- _Work required_: Reproduce the entries below, please. Keep every character the same.

+---+

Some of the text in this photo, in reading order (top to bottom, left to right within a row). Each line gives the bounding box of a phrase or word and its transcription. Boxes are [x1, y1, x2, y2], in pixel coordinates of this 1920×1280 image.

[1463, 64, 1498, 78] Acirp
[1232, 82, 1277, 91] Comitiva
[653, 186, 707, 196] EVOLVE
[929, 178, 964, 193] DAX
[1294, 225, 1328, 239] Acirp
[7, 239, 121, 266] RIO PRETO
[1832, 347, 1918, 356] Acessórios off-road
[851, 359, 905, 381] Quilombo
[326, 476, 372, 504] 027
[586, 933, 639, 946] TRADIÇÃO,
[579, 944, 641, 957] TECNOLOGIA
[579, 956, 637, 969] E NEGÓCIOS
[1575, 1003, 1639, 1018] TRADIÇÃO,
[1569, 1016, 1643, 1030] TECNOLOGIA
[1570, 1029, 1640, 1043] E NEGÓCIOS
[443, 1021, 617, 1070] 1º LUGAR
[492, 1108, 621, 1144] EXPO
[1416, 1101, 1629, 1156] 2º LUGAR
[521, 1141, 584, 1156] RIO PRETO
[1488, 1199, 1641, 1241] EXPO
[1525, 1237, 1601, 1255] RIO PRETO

+---+

- _Reply to the exercise_:
Some of the text in this photo, in reading order (top to bottom, left to right within a row). Each line gives the bounding box of a phrase or word and its transcription. Boxes are [x1, y1, x2, y2], in pixel coordinates of this 1920×1280 image.

[1463, 64, 1498, 78] Acirp
[1232, 82, 1277, 91] Comitiva
[653, 186, 707, 196] EVOLVE
[929, 178, 964, 193] DAX
[1294, 225, 1328, 239] Acirp
[7, 239, 121, 266] RIO PRETO
[1832, 347, 1918, 356] Acessórios off-road
[851, 359, 905, 381] Quilombo
[326, 476, 372, 504] 027
[586, 933, 639, 946] TRADIÇÃO,
[579, 944, 641, 957] TECNOLOGIA
[579, 956, 637, 969] E NEGÓCIOS
[1575, 1003, 1639, 1018] TRADIÇÃO,
[1569, 1016, 1643, 1030] TECNOLOGIA
[1570, 1029, 1640, 1043] E NEGÓCIOS
[443, 1021, 617, 1070] 1º LUGAR
[492, 1108, 621, 1144] EXPO
[1416, 1101, 1629, 1156] 2º LUGAR
[521, 1141, 584, 1156] RIO PRETO
[1488, 1199, 1641, 1241] EXPO
[1525, 1237, 1601, 1255] RIO PRETO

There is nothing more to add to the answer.